Calls or no calls, Bucs should have won
Hubert Mizell, The St.Petersburg Times, published 4 November 1996

Thirty-nine times John Elway, after his Broncos trailed in the fourth quarter, has rallied Denver to victories. Tampa Bay, after 20 1/2 NFL seasons and 317 games, with Spurrier and Williams and Young and DeBerg and Testaverde and Chandler and Dilfer and all the other Bucs quarterbacks, has a franchise total of 38 come-from-behind wins. Sunday, they shot another blank.

Any excuses? Huh-uh. Bucs luck with officiating fluctuated between sour and putrid. Was there a phantom zebra whistle when Errict Rhett fumbled, a turnaround that would deliver Chicago its winning touchdown? They still should've won.

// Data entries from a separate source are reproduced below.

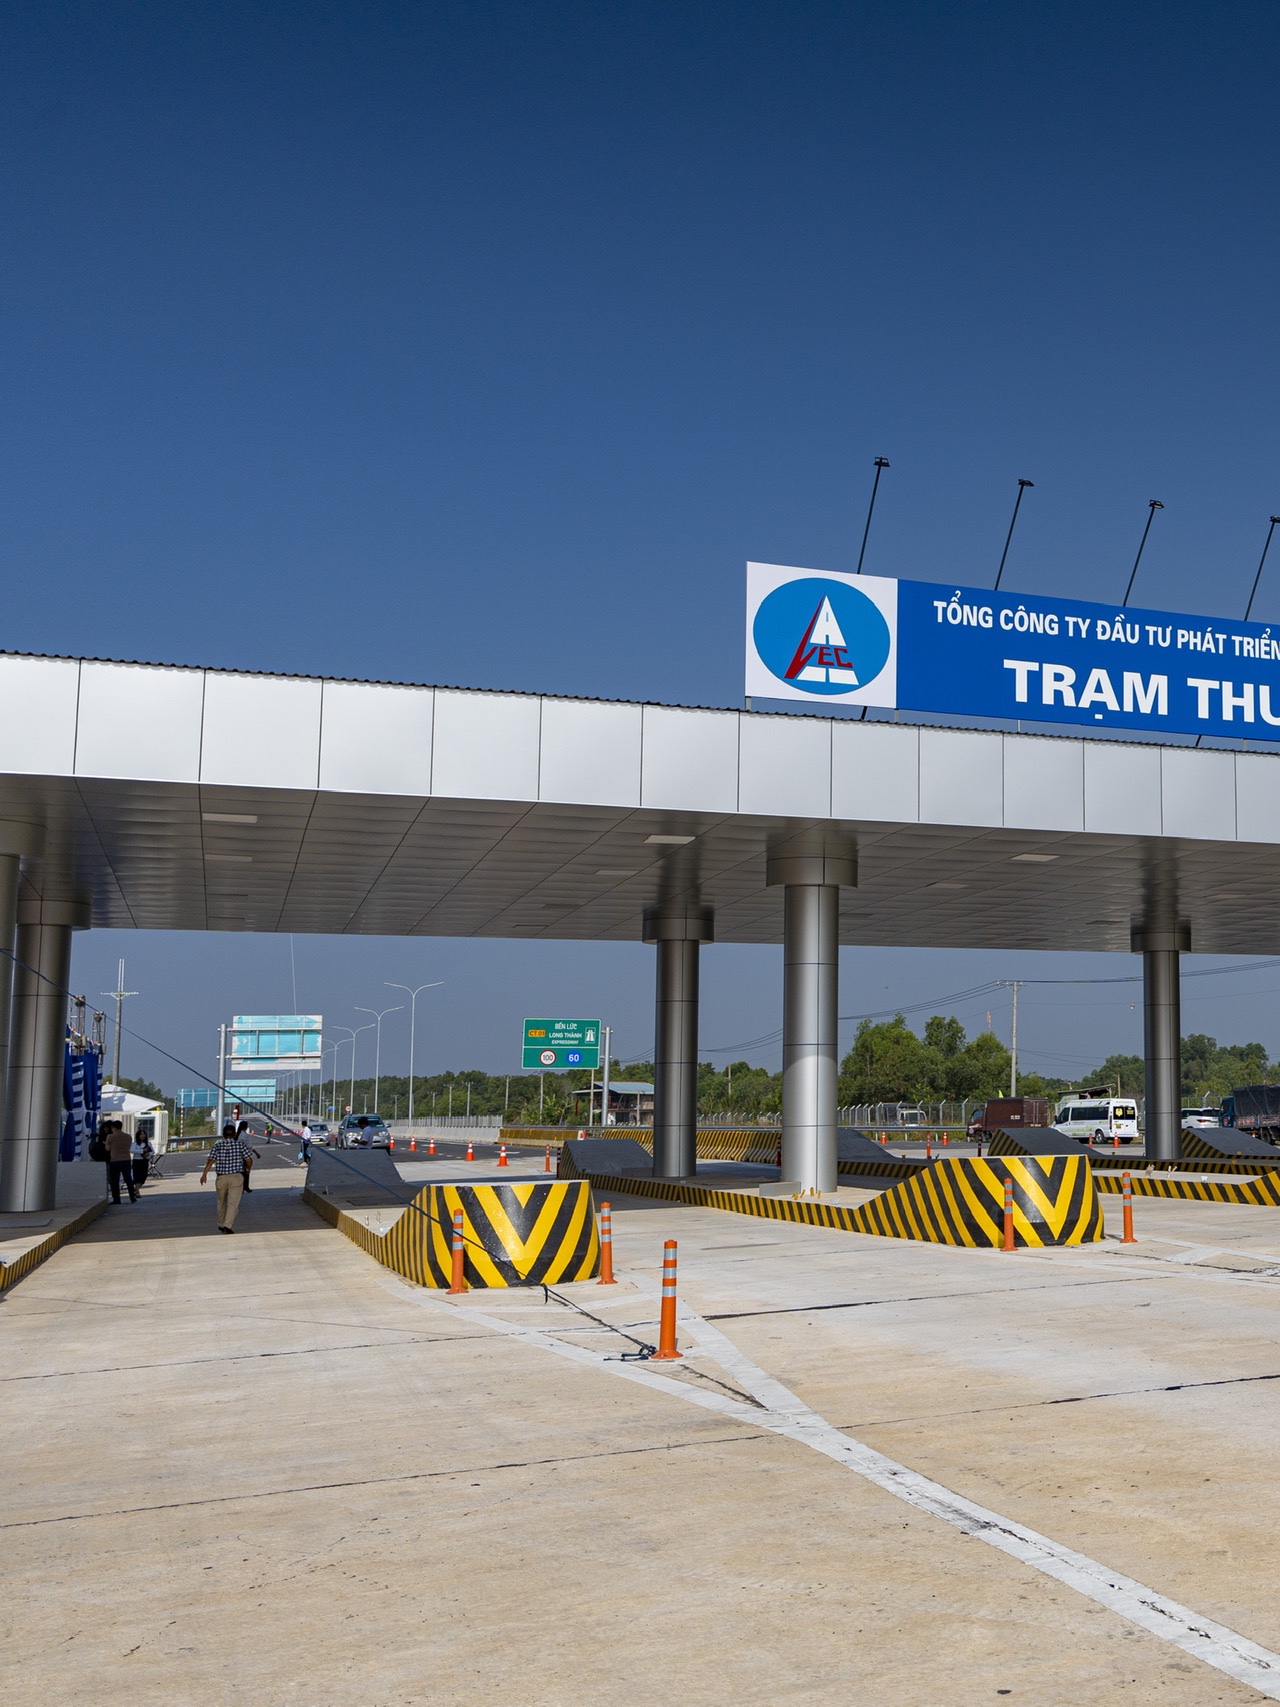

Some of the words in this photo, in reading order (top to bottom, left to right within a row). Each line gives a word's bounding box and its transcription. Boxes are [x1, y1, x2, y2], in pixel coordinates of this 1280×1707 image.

[933, 590, 993, 628] TỔNG
[1000, 606, 1058, 635] CÔNG
[1064, 616, 1091, 637] TY
[1096, 614, 1139, 645] ĐẦU
[1145, 625, 1176, 648] TƯ
[1177, 627, 1227, 655] PHÁT
[1003, 659, 1169, 720] TRẠM
[554, 1022, 566, 1030] BẾN
[566, 1022, 578, 1030] LỨC
[542, 1054, 553, 1062] 100
[568, 1054, 579, 1062] 60

"Everybody heard a whistle," Rhett said. "I was down." Bucs tight end Dave Moore was semi-certain, claiming that "at least half our offense heard a whistle. Everybody stopped, including Bears."

Ian Beckles was in the non-hearing half. "Rules say the ground can't cause a fumble," said the offensive guard, "but this time it must've. Although I did not hear a whistle, I began furiously pointing to the ground, hoping refs would get the idea and make a no-fumble call."

They still should've won. Raw deal? Maybe. In the NFL, there is no court of appeals. No instant replay. Tampa Bay, in another Sunday officiating judgment, appeared to get hosed by back judge Jim Daopoulos. He came from 20 yards away and well behind the play to call fourth-down interference on Bucs defender Charles Dimry, allowing the Bears to retain the football and wind up kicking a field goal, which would be the eventual margin.

Tampa Bay had openings to whine, but didn't overdo. Rhett was asked if the Bucs, being among NFL have-nots, take subconscious floggings from officials while powers like Green Bay and Dallas have better luck with flags. "Some might say that," suggested the Tampa Bay tailback who is just back from a seven-game holdout. "It shouldn't. We work hard. Fairness should be the No. 1 thing. We deserve correct calls as much as a 10-0 team."

Tony Dungy, a head coach anything but prone to loud harsh reaction, would not take an oral slap at zebras regarding the Rhett fumble. "If there was no whistle," said Tampa Bay's quiet man, "you've got to hold on to the football." He did, however, brand the flagging of Dimry as "ridiculous!"

They still should've won. Good teams, competent offensive operations and solid quarterbacks, when presented as many chances as Tampa Bay experienced in Sunday's final 15 minutes, are prone to overcome. For a fourth straight Sunday, the Bucs allowed an opponent just 13 points. But after beating Minnesota, they've lost three in a row to Arizona, Green Bay and Chicago. Tampa Bay's defense keeps holding it down. Thirteen should get you three triumphs in four, not three flops.

Weather was no factor, except for a frisky wind. Everybody knows about the old "42-Degree Bucs Jinx," but it was a delicious afternoon for football alongside Lake Michigan. An NFL postcard. Forty November degrees at Soldier Field. Some fans wore short sleeves. Even so, in all Bucs history, they still are winless when the thermometer dips below 42. But, frankly, it's part of a far bigger, far uglier picture; Tampa Bay (1976-96) has had only slightly less-crummy fortune with 43-and-up mercury readings.

Trent Dilfer he's no Elway. In the fourth quarter, with the Bears holding a 13-10 lead that should've been terribly fragile, the Bucs would have three successive solid opportunities to put the bite on Chicago. Tampa Bay achieved first downs at its 43, then at Chicago's 49-yard line on the next possession, then at the Bears' 46.

Zip for three! Just one piddling, Elway-like touchdown and the Bucs would've won. But Dilfer and his co-conspirators could not even once get close enough to seek a tying field goal.

Always, they find a way. Penalty. Missed block. Dropped pass. Missed assignment. Dilfer, compared with his rotten 1996 beginning, has played more acceptably the past four Sundays. Nonetheless, his Tampa Bay offense continues to be deadly. Still unable to do Elway stuff. Averaging barely 10 points, a losing number to which the Bucs stumbled against Chicago. For a 14th consecutive season, the Bucs will not have a winning record. It's far more than zebras.